Artists in other areas have inspired me regarding form. Let's take a look at the painter Jacob Lawrence the world claimed him as an expressionist, he experienced his form as dynamic cubism. Here again is a phrase that simply stopped me in my tracks. What could be a more defined form than a cube? It is solid and static. Dynamic, used as an adjective, defined by Dictionary (version 2.2.1): "(of a process or system) characterized by constant change, activity, or progress; (of a person) positive in attitude and full of energy and new ideas; Physics of or relating to forces producing motion. Often contrasted with static." I would add dynamic also implies a flow, somehow liquid. It is absolutely genius that Jacob Lawrence could not only conceive of a style based on seemingly opposing concepts but could act on it in such a spectacularly realized manner.

An artist working in sound should take note.

Although I have notes for several other areas this particular system seems complete.

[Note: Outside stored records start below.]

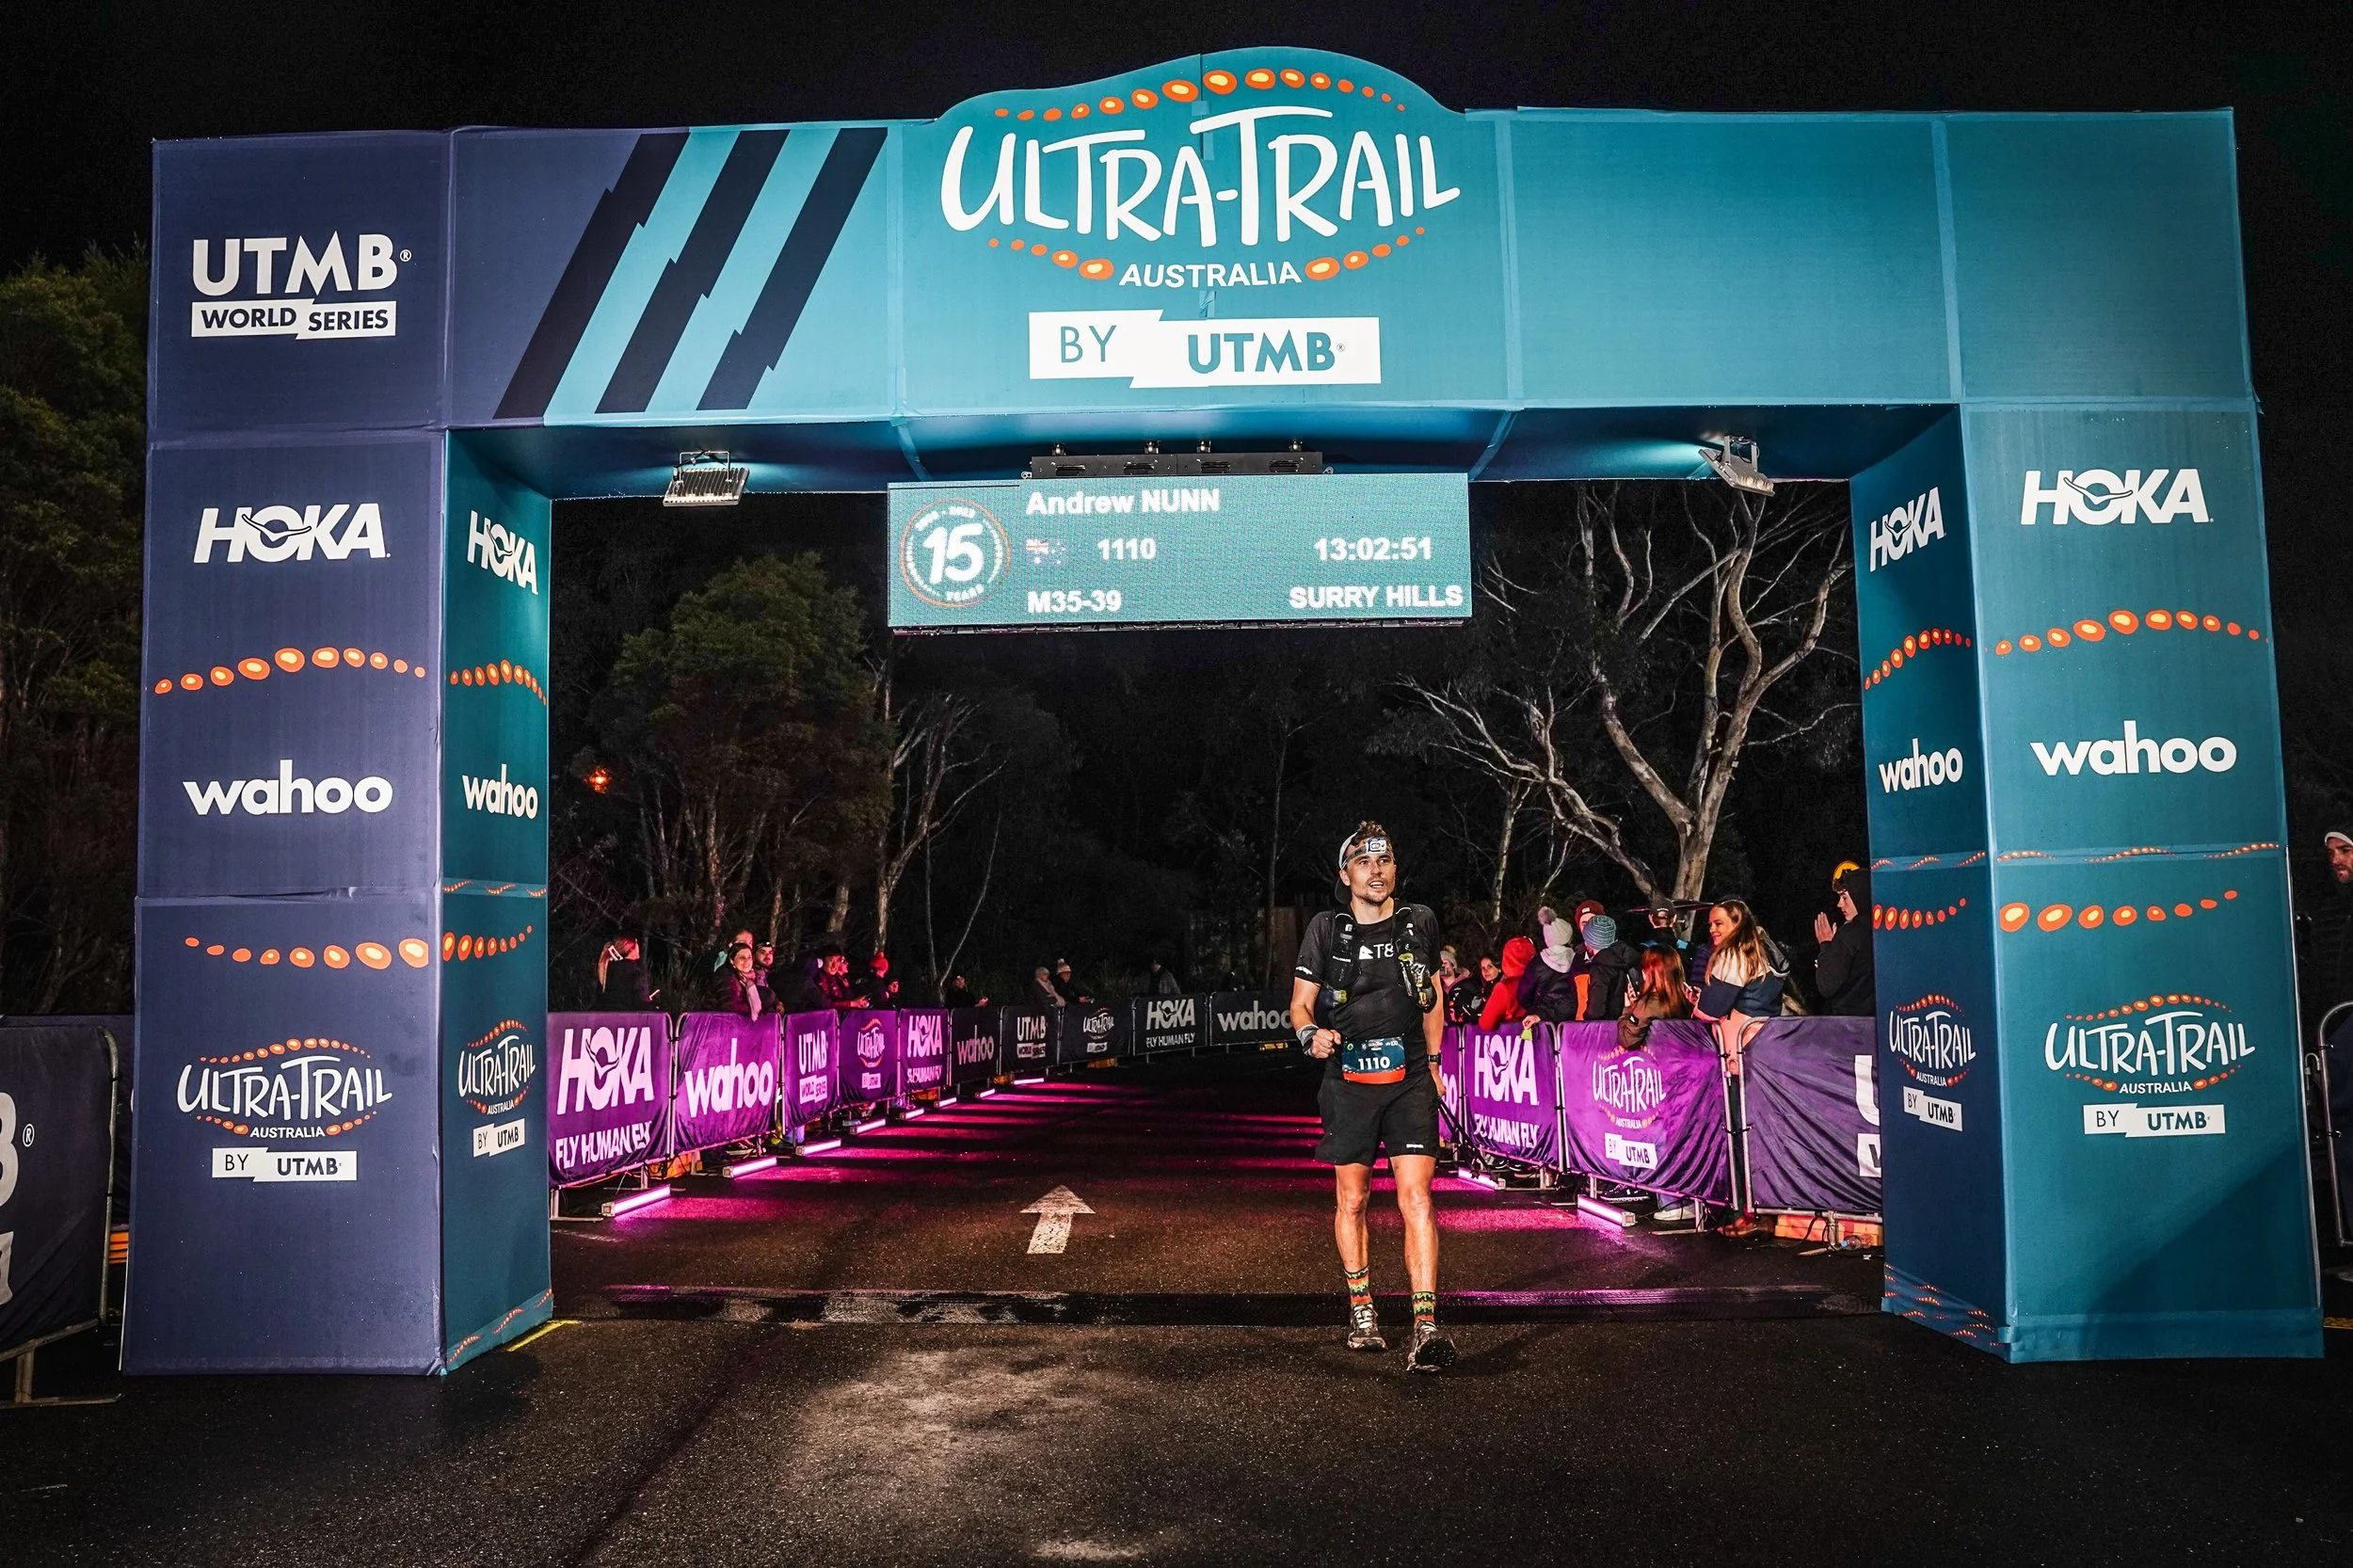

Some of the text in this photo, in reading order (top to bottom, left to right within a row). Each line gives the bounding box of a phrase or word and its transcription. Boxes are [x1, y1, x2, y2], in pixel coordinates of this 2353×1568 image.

[940, 105, 1462, 248] ULTRA-TRAIL
[1118, 261, 1303, 288] AUSTRALIA
[200, 307, 389, 333] WORLD SERIES
[1060, 325, 1118, 363] BY
[1026, 488, 1220, 515] Andrew NUNN
[2020, 469, 2214, 525] HOKA
[193, 503, 387, 564] HOKA
[1869, 486, 1945, 572] HOKA
[467, 509, 539, 595] HOKA
[922, 522, 984, 584] 15
[1096, 537, 1157, 561] 1110
[1314, 536, 1432, 561] 13:02:51
[1027, 588, 1122, 614] M35-39
[1289, 584, 1464, 610] SURRY HILLS
[2030, 720, 2237, 776] wahoo
[1879, 738, 1963, 792] wahoo
[183, 759, 393, 815] wahoo
[461, 763, 538, 819] wahoo
[1016, 1015, 1047, 1042] UTMB
[1145, 998, 1196, 1030] HOKA
[1217, 1000, 1292, 1032] wahoo
[798, 1029, 827, 1075] UTMB
[907, 1015, 943, 1058] HOKA
[956, 1025, 994, 1065] wahoo
[1158, 1034, 1184, 1046] HUMAN
[1184, 1032, 1195, 1044] FLY
[1888, 1010, 1977, 1070] ULTRA-TRAIL
[2044, 1012, 2255, 1075] ULTRA-TRAIL
[457, 1035, 536, 1097] ULTRA-TRAIL
[556, 1027, 655, 1115] HOKA
[684, 1037, 774, 1117] wahoo
[1357, 1056, 1391, 1071] 1110
[1474, 1034, 1540, 1106] HOKA
[1915, 1071, 1947, 1087] AUSTRALIA
[178, 1055, 392, 1119] ULTRA-TRAIL
[801, 1079, 826, 1099] WORLD SERIES
[1593, 1056, 1666, 1112] ULTRA-TRAIL
[2119, 1080, 2193, 1095] AUSTRALIA
[487, 1099, 515, 1115] AUSTRALIA
[1615, 1116, 1641, 1128] AUSTRALIA
[1907, 1093, 1955, 1124] BY UTMB
[2095, 1110, 2120, 1128] BY
[249, 1127, 326, 1138] AUSTRALIA
[478, 1126, 520, 1149] BY UTMB
[555, 1135, 579, 1171] FLY
[581, 1125, 633, 1164] HUMAN
[1520, 1121, 1540, 1148] FLY
[224, 1153, 249, 1172] BY
[1625, 1145, 1650, 1163] UTMB
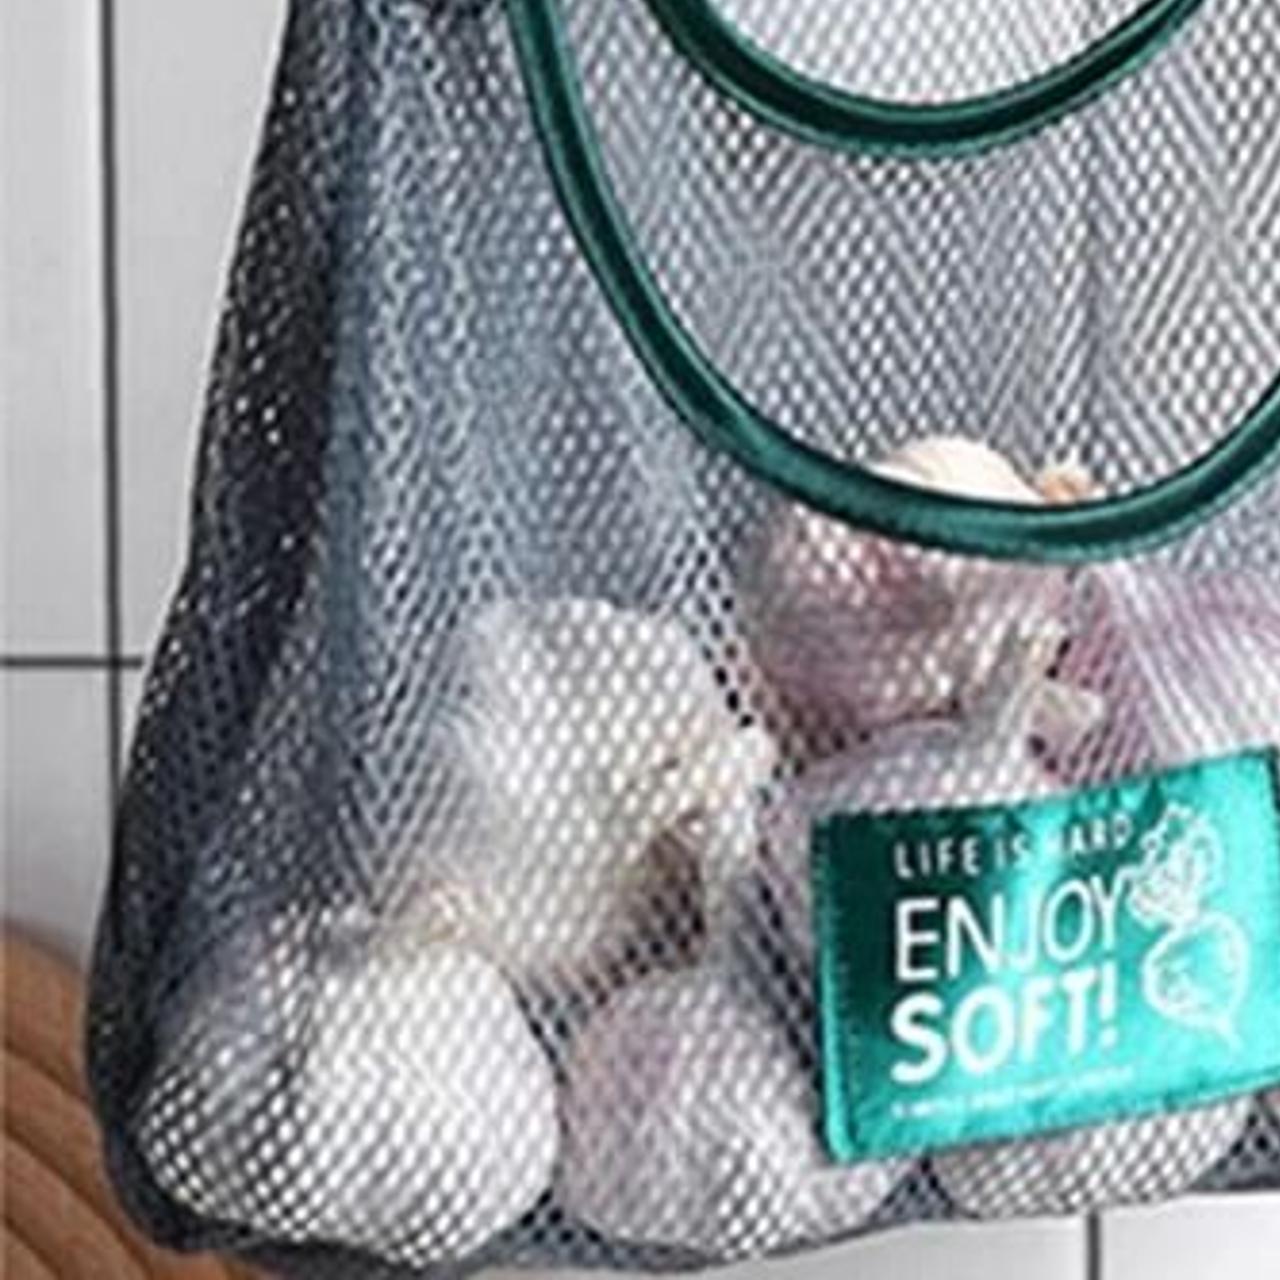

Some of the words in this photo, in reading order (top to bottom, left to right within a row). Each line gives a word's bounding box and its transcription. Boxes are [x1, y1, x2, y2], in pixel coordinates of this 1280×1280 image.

These recordings were chosen for their relevance and to give the listener context within the breadth of my recorded chronology: Matthew Shipp Trio, Root of Things (Relative Pitch Records); Floating Ice, Michael Bisio/Matthew Shipp (Relative Pitch); Matthew Shipp Art of the Improviser (Thirsty Ear); Brian Groder, Reflexology (Latham Records); Ivo Perelman, The Other Edge (Leo); Blood Trio Understory (Not Two Records); My Brother, Gary Hassay/Michael Bisio (Konnex); Zebulon, Duets with Joe McPhee (CIMP) Travel Music (MJB); 2011 Undulations (Omnitone); Bob Nell Trio, Soft and Bronze (Plechmo); In Seattle (Silkheart).